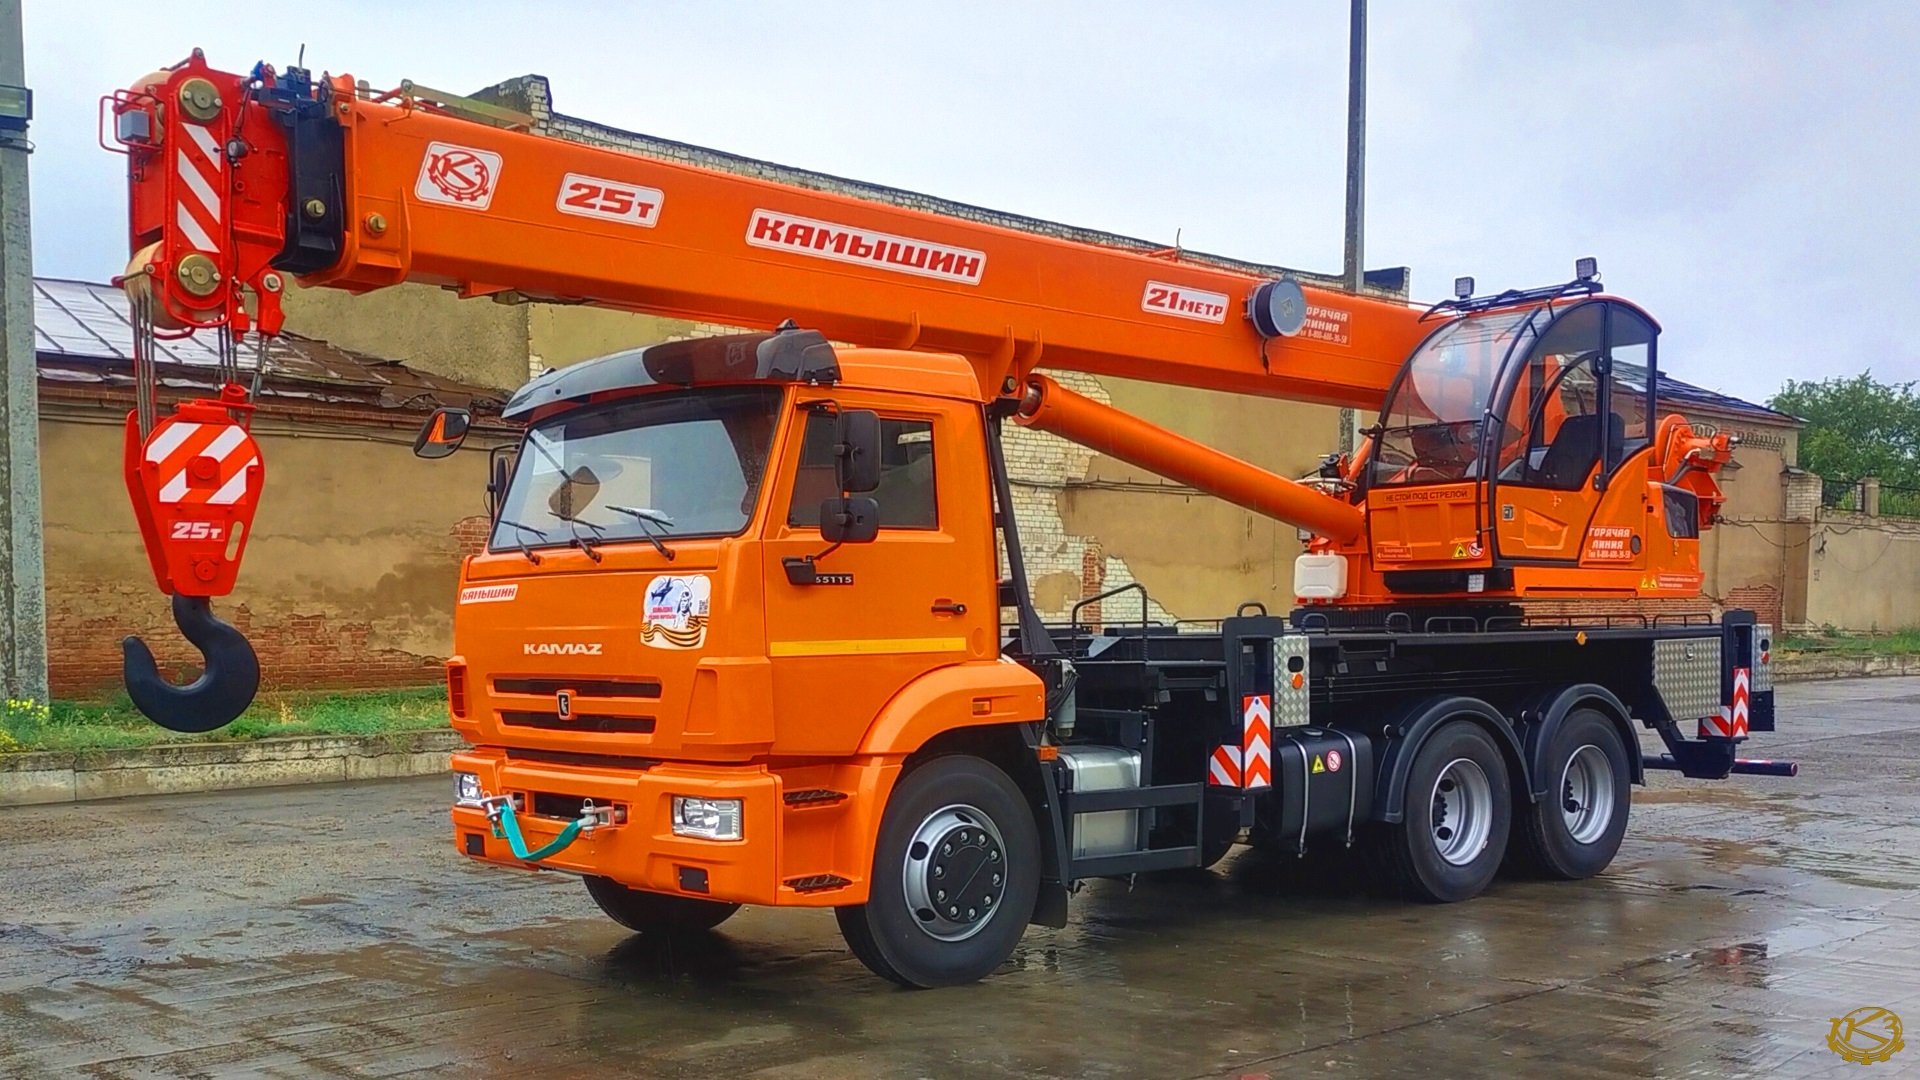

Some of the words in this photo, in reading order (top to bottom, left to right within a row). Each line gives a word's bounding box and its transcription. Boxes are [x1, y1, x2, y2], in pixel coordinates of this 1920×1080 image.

[753, 217, 980, 277] КАМЫШИН
[1305, 306, 1348, 323] ОРЯЧАЯ
[1303, 318, 1341, 334] ЛИНИЯ
[1412, 492, 1429, 501] ПОД
[1589, 527, 1630, 538] ГОРЯЧАЯ
[1592, 539, 1624, 550] ЛИНИЯ
[461, 587, 516, 601] КАМЫШИН
[523, 643, 603, 655] KAMAZ
--
**Problem description:**
An exact copy of every record above is needed, with all pictures left out.

**Solution for this problem:**
Some of the words in this photo, in reading order (top to bottom, left to right within a row). Each line gives a word's bounding box and its transcription. Boxes are [x1, y1, x2, y2], in pixel coordinates of this 1920×1080 image.

[753, 217, 980, 277] КАМЫШИН
[1305, 306, 1348, 323] ОРЯЧАЯ
[1303, 318, 1341, 334] ЛИНИЯ
[1412, 492, 1429, 501] ПОД
[1589, 527, 1630, 538] ГОРЯЧАЯ
[1592, 539, 1624, 550] ЛИНИЯ
[461, 587, 516, 601] КАМЫШИН
[523, 643, 603, 655] KAMAZ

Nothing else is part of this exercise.